EXERCISE OBJECTIVE =
Before copying, set the images aside; then transcribe every entry below exactly.

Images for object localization

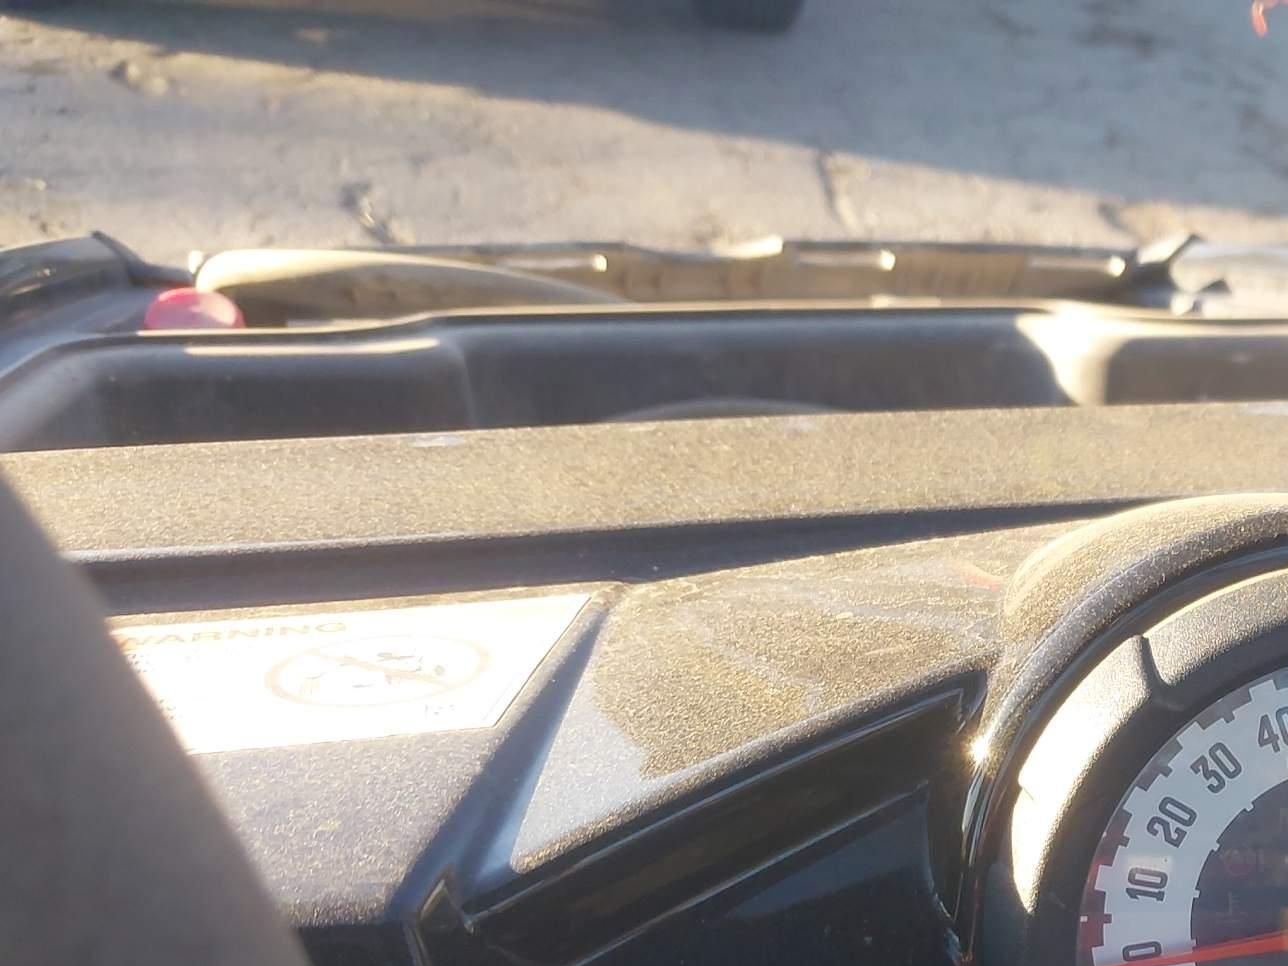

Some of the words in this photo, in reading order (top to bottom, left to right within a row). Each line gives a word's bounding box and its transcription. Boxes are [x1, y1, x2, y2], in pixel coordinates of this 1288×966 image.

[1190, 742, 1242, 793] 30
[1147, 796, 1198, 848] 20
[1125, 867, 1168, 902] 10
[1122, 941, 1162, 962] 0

YOUR RESPONSE =
Some of the words in this photo, in reading order (top to bottom, left to right within a row). Each line gives a word's bounding box and its transcription. Boxes are [x1, y1, x2, y2], in pixel coordinates of this 1288×966 image.

[1190, 742, 1242, 793] 30
[1147, 796, 1198, 848] 20
[1125, 867, 1168, 902] 10
[1122, 941, 1162, 962] 0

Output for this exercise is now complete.